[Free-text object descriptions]

________

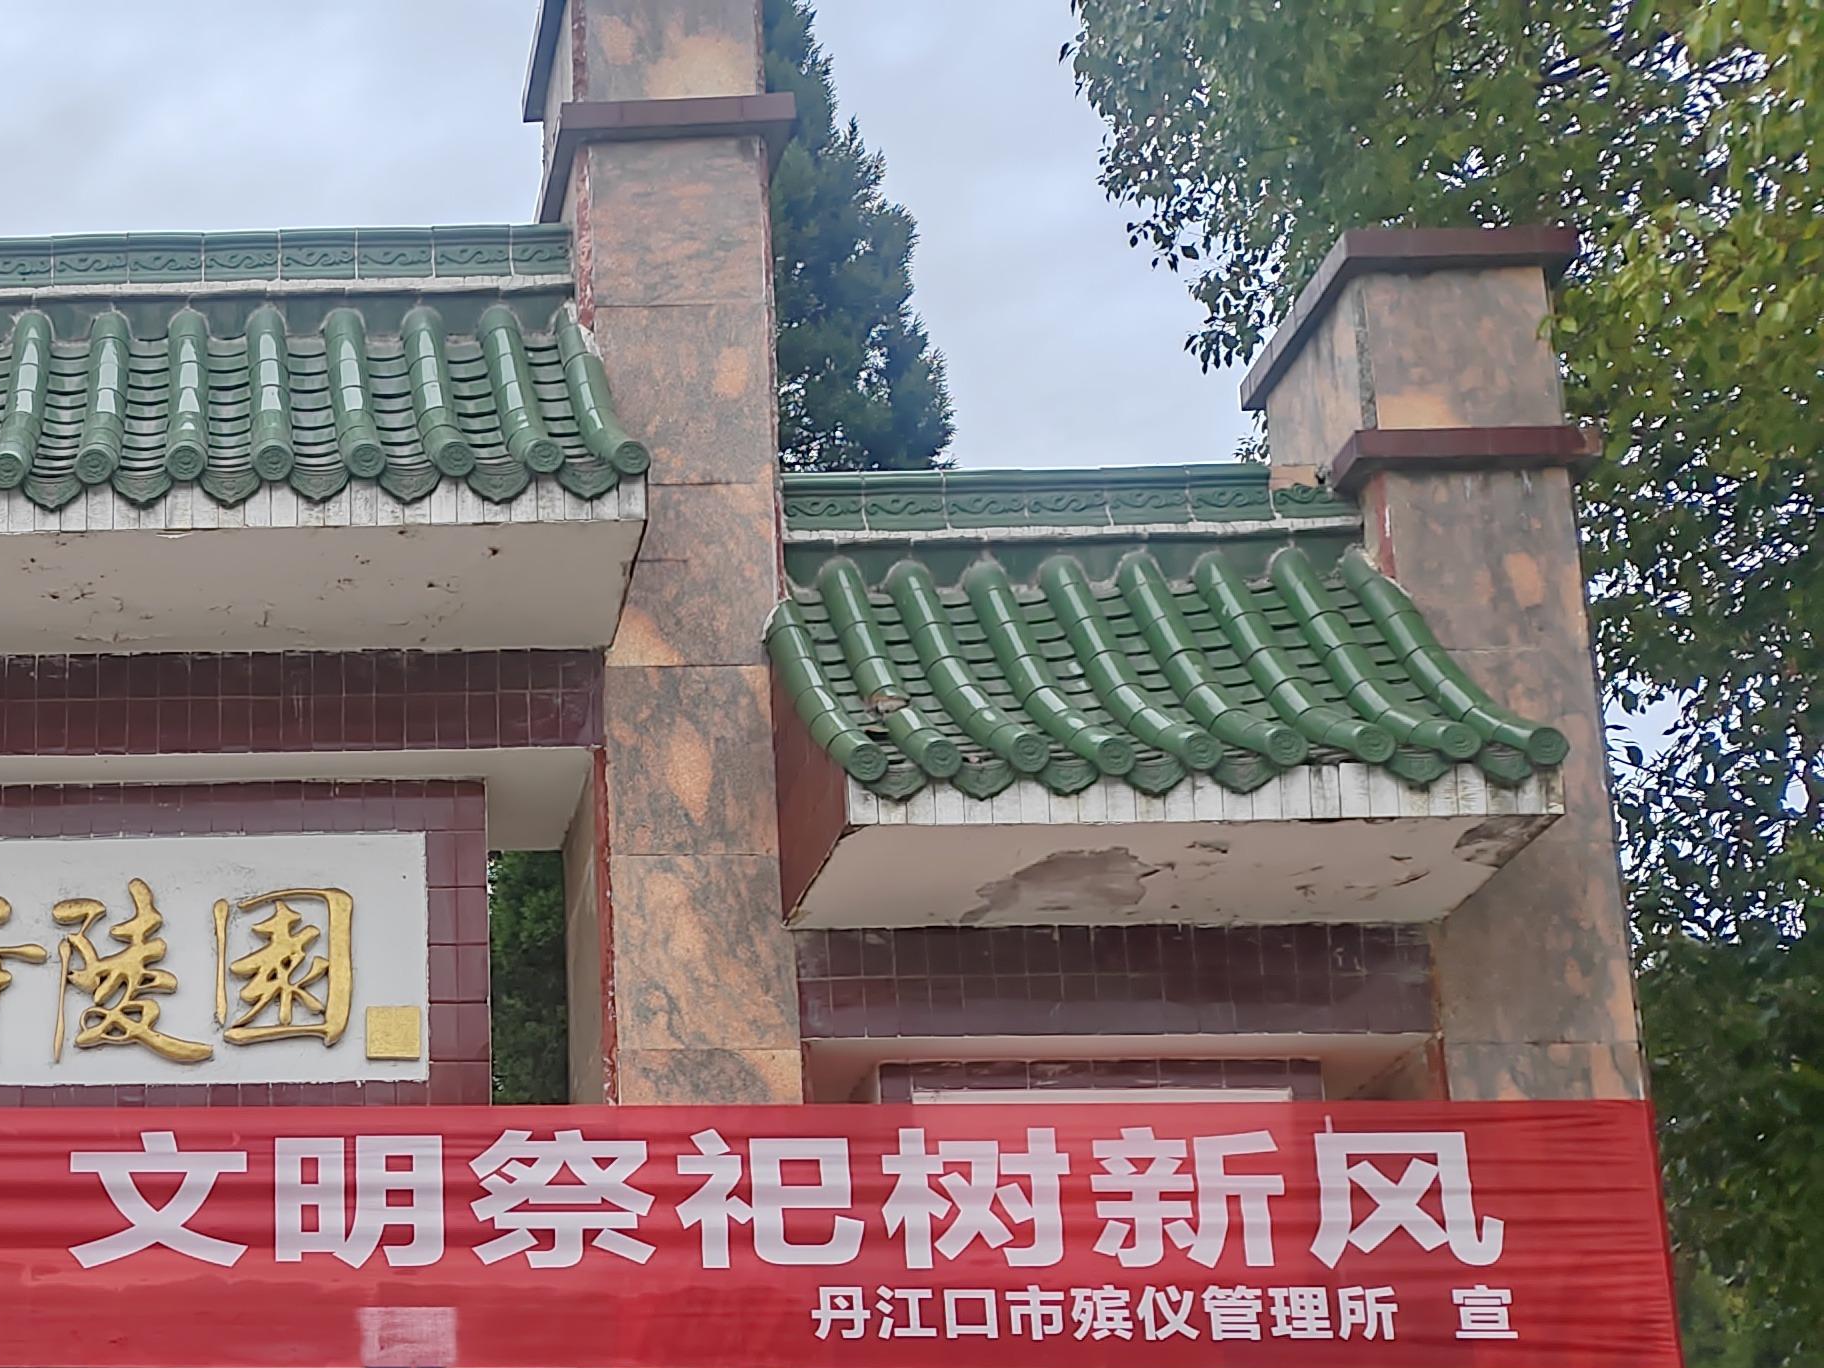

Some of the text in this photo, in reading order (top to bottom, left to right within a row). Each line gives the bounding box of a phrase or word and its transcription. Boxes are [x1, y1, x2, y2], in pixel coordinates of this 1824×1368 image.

[67, 1127, 1505, 1270] 文明祭祀树新风
[810, 1284, 1519, 1342] 丹江口市殡仪管理所 宣
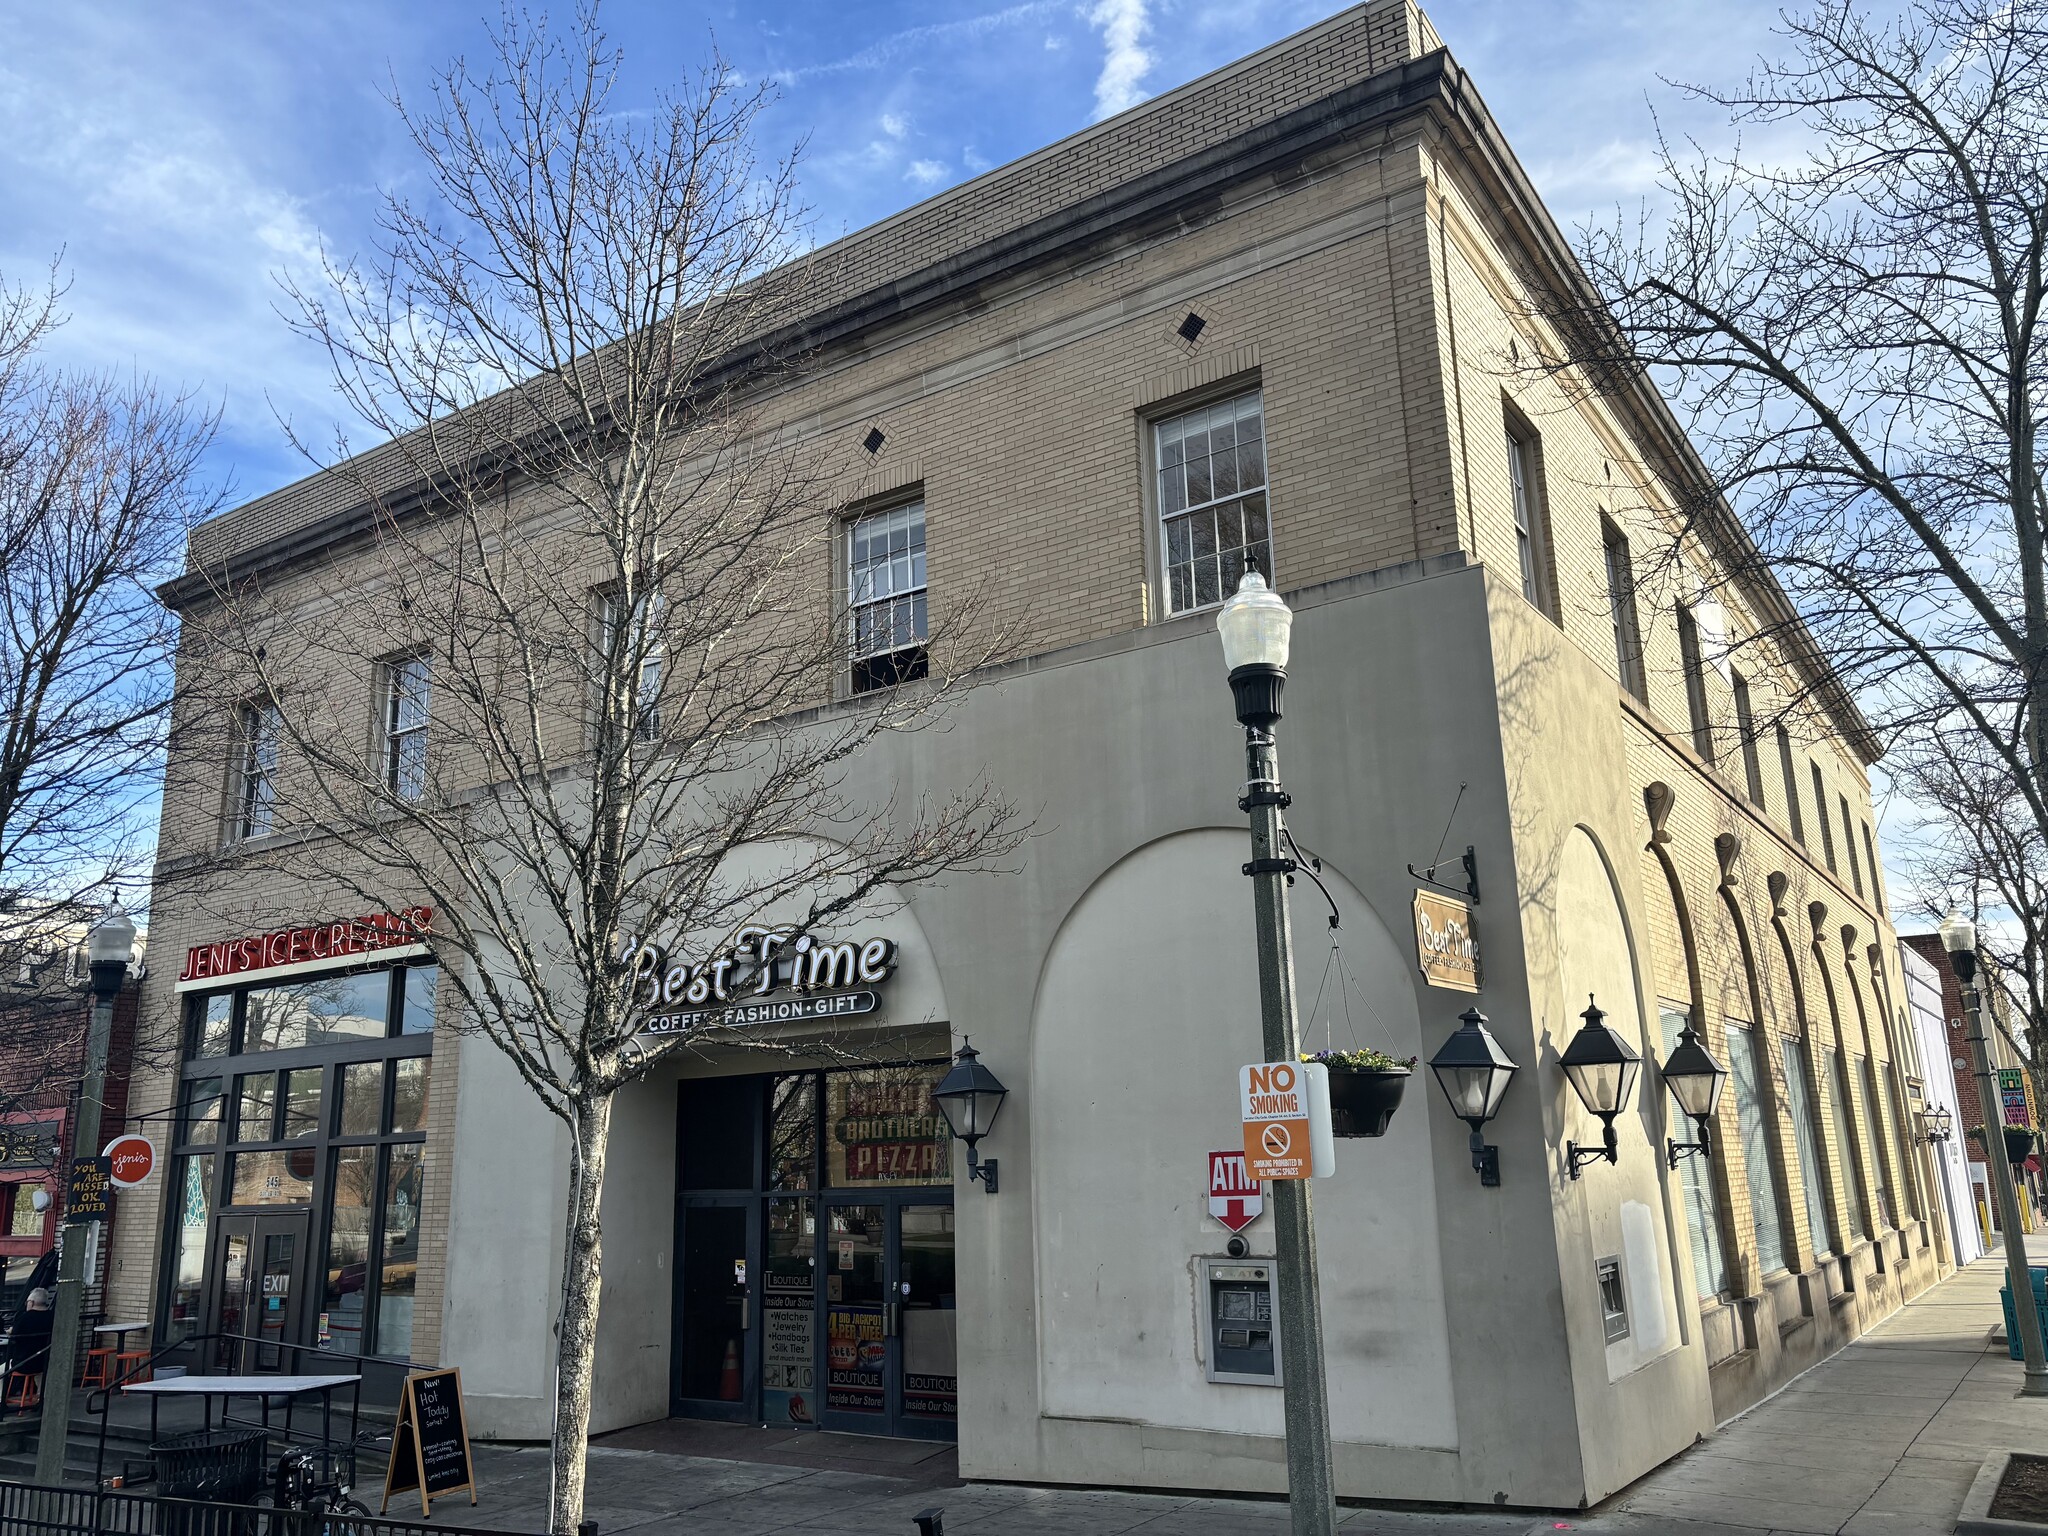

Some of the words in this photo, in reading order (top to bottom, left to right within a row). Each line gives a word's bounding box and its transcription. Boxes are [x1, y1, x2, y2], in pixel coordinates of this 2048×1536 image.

[1420, 906, 1450, 955] Best
[1446, 918, 1480, 961] Time
[180, 938, 255, 981] JENI'S
[262, 929, 304, 969] ICE
[311, 907, 430, 959] CREAMS
[621, 934, 733, 1009] Best
[735, 922, 892, 996] Time
[648, 1011, 711, 1032] COFFE
[724, 1003, 800, 1025] FASHION
[815, 995, 858, 1015] GIFT
[1249, 1064, 1296, 1094] NO
[1250, 1093, 1299, 1114] SMOKING
[2025, 1083, 2036, 1120] DOWNTOWN
[857, 1144, 937, 1172] PIZZA
[1253, 1159, 1272, 1168] SMOKING
[1272, 1158, 1297, 1167] PROHIBITED
[73, 1163, 97, 1176] YOU
[1212, 1155, 1258, 1190] ATM
[1258, 1168, 1266, 1177] ALL
[1266, 1168, 1282, 1177] PUBLIC
[1282, 1167, 1299, 1176] SPACES
[266, 1176, 278, 1188] 545
[263, 1274, 290, 1292] EXIT
[772, 1275, 809, 1285] BOUTIQUE
[764, 1297, 784, 1307] Inside
[784, 1297, 797, 1307] Our
[773, 1311, 809, 1322] Watches
[775, 1322, 806, 1334] Jewelry
[828, 1312, 838, 1338] 4
[838, 1312, 851, 1324] BIG
[838, 1323, 856, 1339] PER
[771, 1332, 810, 1344] Handbags
[774, 1343, 788, 1353] Silk
[790, 1344, 805, 1354] Ties
[833, 1371, 879, 1385] BOUTIQUE
[909, 1376, 957, 1391] BOUTIQUE
[420, 1390, 438, 1407] Hot
[828, 1393, 848, 1404] Inside
[849, 1394, 862, 1405] Our
[863, 1395, 884, 1407] Store!
[905, 1399, 926, 1411] Inside
[927, 1400, 941, 1412] Our
[424, 1405, 449, 1420] Toddy
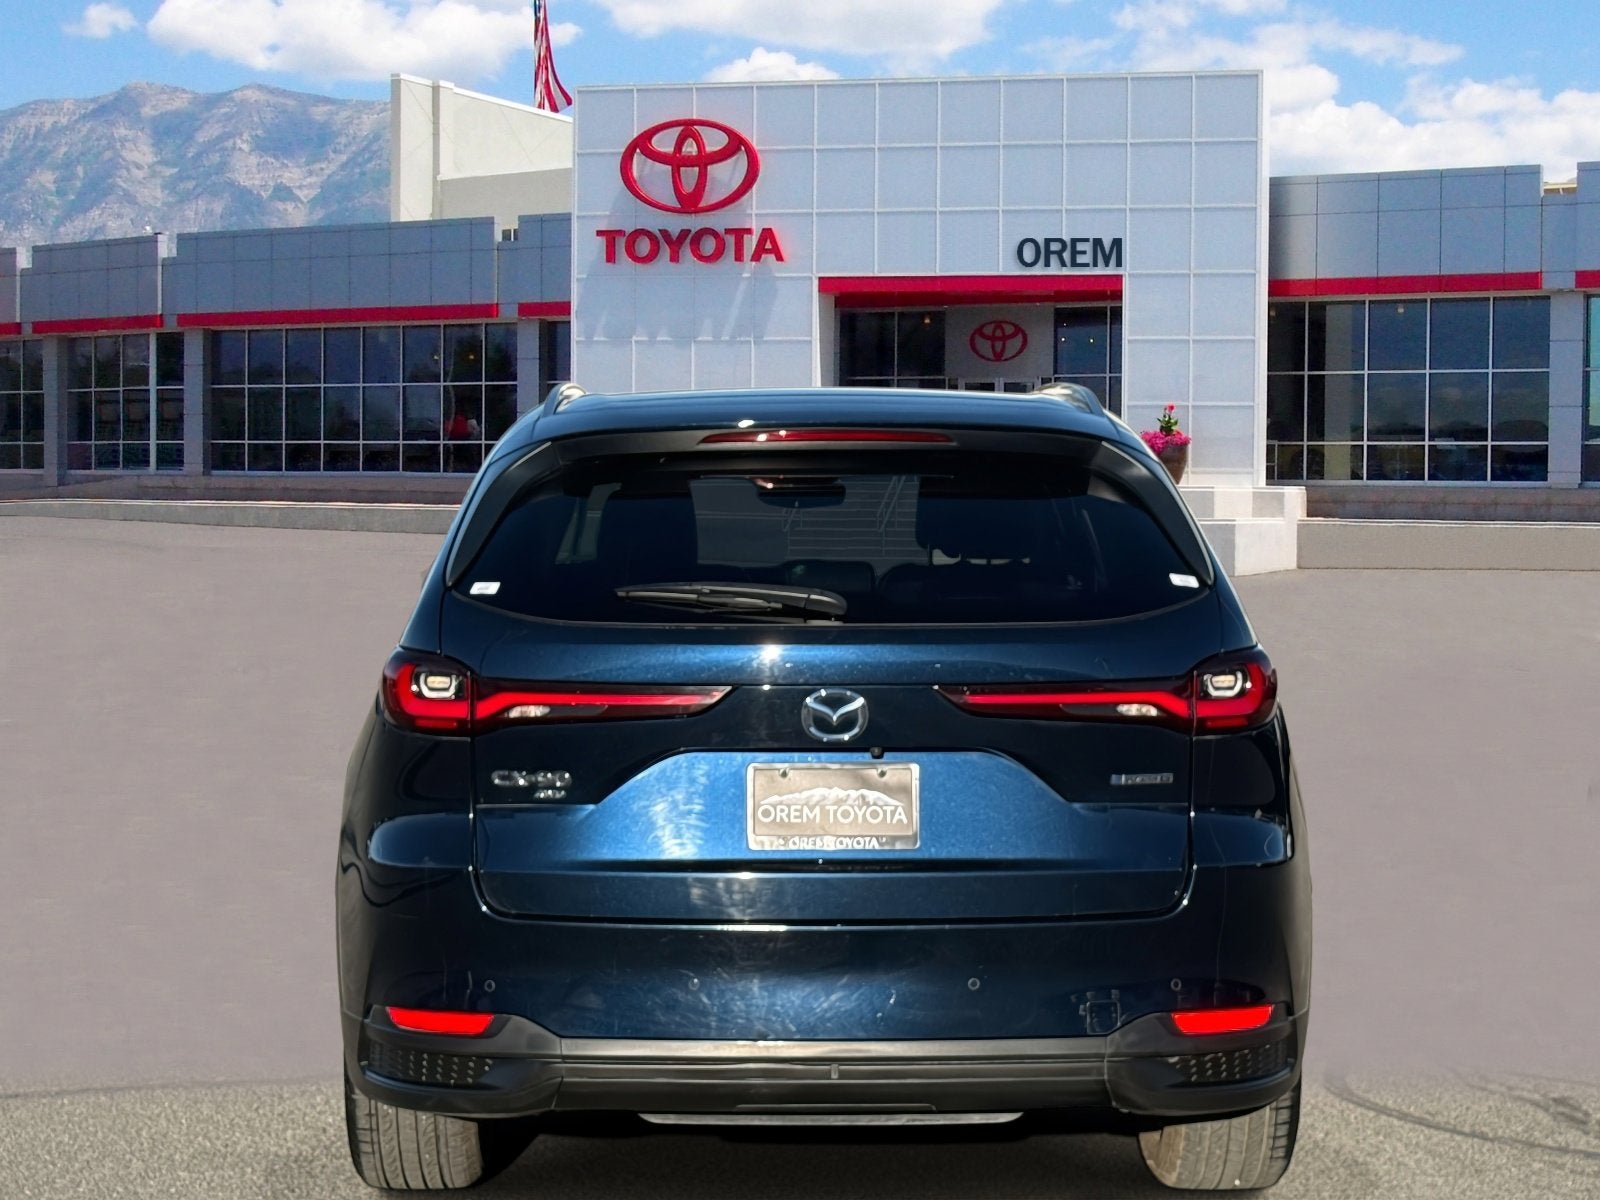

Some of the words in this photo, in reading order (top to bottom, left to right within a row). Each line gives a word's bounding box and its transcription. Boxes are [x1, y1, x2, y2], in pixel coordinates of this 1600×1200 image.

[596, 227, 785, 264] TOYOTA
[1017, 237, 1122, 267] OREM
[757, 804, 820, 824] OREM
[825, 805, 908, 824] TOYOTA

________

Each word of the data should be repeated exactly, and the pictures left out.

• [Answer section]:
Some of the text in this photo, in reading order (top to bottom, left to right within a row). Each line gives the bounding box of a phrase or word and its transcription. Boxes are [x1, y1, x2, y2], in pixel coordinates of this 1824×1368 image.

[67, 1127, 1505, 1270] 文明祭祀树新风
[810, 1284, 1519, 1342] 丹江口市殡仪管理所 宣

Some of the words in this photo, in reading order (top to bottom, left to right within a row). Each line gives a word's bounding box and its transcription. Boxes are [x1, y1, x2, y2], in pixel coordinates of this 2048×1536 image.

[1420, 906, 1450, 955] Best
[1446, 918, 1480, 961] Time
[180, 938, 255, 981] JENI'S
[262, 929, 304, 969] ICE
[311, 907, 430, 959] CREAMS
[621, 934, 733, 1009] Best
[735, 922, 892, 996] Time
[648, 1011, 711, 1032] COFFE
[724, 1003, 800, 1025] FASHION
[815, 995, 858, 1015] GIFT
[1249, 1064, 1296, 1094] NO
[1250, 1093, 1299, 1114] SMOKING
[2025, 1083, 2036, 1120] DOWNTOWN
[857, 1144, 937, 1172] PIZZA
[1253, 1159, 1272, 1168] SMOKING
[1272, 1158, 1297, 1167] PROHIBITED
[73, 1163, 97, 1176] YOU
[1212, 1155, 1258, 1190] ATM
[1258, 1168, 1266, 1177] ALL
[1266, 1168, 1282, 1177] PUBLIC
[1282, 1167, 1299, 1176] SPACES
[266, 1176, 278, 1188] 545
[263, 1274, 290, 1292] EXIT
[772, 1275, 809, 1285] BOUTIQUE
[764, 1297, 784, 1307] Inside
[784, 1297, 797, 1307] Our
[773, 1311, 809, 1322] Watches
[775, 1322, 806, 1334] Jewelry
[828, 1312, 838, 1338] 4
[838, 1312, 851, 1324] BIG
[838, 1323, 856, 1339] PER
[771, 1332, 810, 1344] Handbags
[774, 1343, 788, 1353] Silk
[790, 1344, 805, 1354] Ties
[833, 1371, 879, 1385] BOUTIQUE
[909, 1376, 957, 1391] BOUTIQUE
[420, 1390, 438, 1407] Hot
[828, 1393, 848, 1404] Inside
[849, 1394, 862, 1405] Our
[863, 1395, 884, 1407] Store!
[905, 1399, 926, 1411] Inside
[927, 1400, 941, 1412] Our
[424, 1405, 449, 1420] Toddy

Some of the words in this photo, in reading order (top to bottom, left to right within a row). Each line gives a word's bounding box and its transcription. Boxes are [x1, y1, x2, y2], in pixel coordinates of this 1600×1200 image.

[596, 227, 785, 264] TOYOTA
[1017, 237, 1122, 267] OREM
[757, 804, 820, 824] OREM
[825, 805, 908, 824] TOYOTA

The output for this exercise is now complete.